Claiming the Conservatives have "a very different vision " for energy from Labour, Mr Barker said "An explosion of choice, fierce competition, relentless innovation and a market framed to put the consumer at its very heart. That's how you keep prices down."
Insisting that "already, under the Coalition the UK has witnessed a surge of newly built clean secure generating capacity," he added "in addition, the number of exciting local energy systems installed in homes and businesses has leapt from a few thousand to over half a million and is continuing to grow."
Turing to future power supplies, he said: "I want to encourage a vast new army of disruptive new energy players to challenge the Big 6. From individual consumers to community groups entrepreneurs, SMEs and FTSE giants. I want them all to consider generating their own energy at real scale as well as starting to sell their excess energy on a commercial basis. A decentralised power to the people energy revolution. Not just a few exemplars but tens of thousands of them. The Big 6 need to become the Big 60,000."
On renewables, he said "Already, solar technologies alone now account for over 2.5GW of installed capacity and continue to grow at a terrific rate... we put the pressure on the renewables sector to cut costs, scale up faster, commercialise sooner, and emerge as a genuine commercial challenger to the traditional fossil fuel economy. And now with falling costs there are a whole range of locally deployable renewable technologies that can be exploited economically."
From Combined Heat and Power systems solar PV, geothermal, locally coppiced biomass and a range of energy from waste technologies, right through to hydro and micro hydro schemes, the UK is bursting with green innovation and energy potential, he added.
He insisted that "We will also look to do far more to integrate our new policies that help families produce their own renewable electricity. Our new incentives to help families generate renewable heat, and make sure they work hand in glove with the range of new Green Deal energy efficiency measures which help hardworking families keep their homes warmer for less."

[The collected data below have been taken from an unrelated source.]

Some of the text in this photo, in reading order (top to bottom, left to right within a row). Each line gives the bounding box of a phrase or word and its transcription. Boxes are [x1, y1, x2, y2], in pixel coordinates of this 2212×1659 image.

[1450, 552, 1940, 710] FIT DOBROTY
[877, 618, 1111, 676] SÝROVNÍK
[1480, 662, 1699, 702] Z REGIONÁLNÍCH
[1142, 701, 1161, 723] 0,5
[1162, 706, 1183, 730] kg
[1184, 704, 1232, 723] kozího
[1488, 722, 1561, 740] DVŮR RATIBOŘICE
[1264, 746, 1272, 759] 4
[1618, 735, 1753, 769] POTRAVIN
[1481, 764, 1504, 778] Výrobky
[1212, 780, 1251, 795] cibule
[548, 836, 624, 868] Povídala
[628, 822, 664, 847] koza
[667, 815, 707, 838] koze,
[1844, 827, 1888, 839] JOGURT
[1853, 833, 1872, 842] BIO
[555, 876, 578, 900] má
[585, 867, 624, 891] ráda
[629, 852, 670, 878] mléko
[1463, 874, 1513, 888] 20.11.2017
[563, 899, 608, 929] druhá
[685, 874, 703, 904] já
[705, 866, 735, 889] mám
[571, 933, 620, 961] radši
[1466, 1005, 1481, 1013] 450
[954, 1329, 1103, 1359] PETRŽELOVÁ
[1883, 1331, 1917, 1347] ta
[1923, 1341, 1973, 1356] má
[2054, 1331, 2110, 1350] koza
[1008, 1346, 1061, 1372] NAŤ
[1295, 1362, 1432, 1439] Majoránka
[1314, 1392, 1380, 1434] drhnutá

Describing it as "early days for the Green Deal market but don't under estimate the ambition or determination to drive it forward," he made no mention that to date just 12 households nationally had taken it up, despite it being launched at the end of January this year.
Instead, he insisted "Many more players are set to join the Green Deal in coming months and already thousands of people have taken the first steps in a 20 year energy efficiency transformation. Next year will see the Green Deal go up a gear as we begin local, community led street by street roll out in earnest."
Coalition energy fallout
Following the Conference, the Financial Times ran a story revealing that chancellor Osborne and energy secretary Davey were poised to clash over green energy targets, suggesting that a simmering row between the energy secretary and chancellor over green targets erupted on 3 October as the government's climate advisers warned against watering down efforts to tackle climate change.
Meanwhile, The Guardian's head of environment, Damian Carrington, said in his Conference Blog: " I am not suggesting that we don't need a diversity of energy sources: what I mean is that the Conservatives have now been speaking simultaneously with two voices - green and anti-green - for several years now. This matters."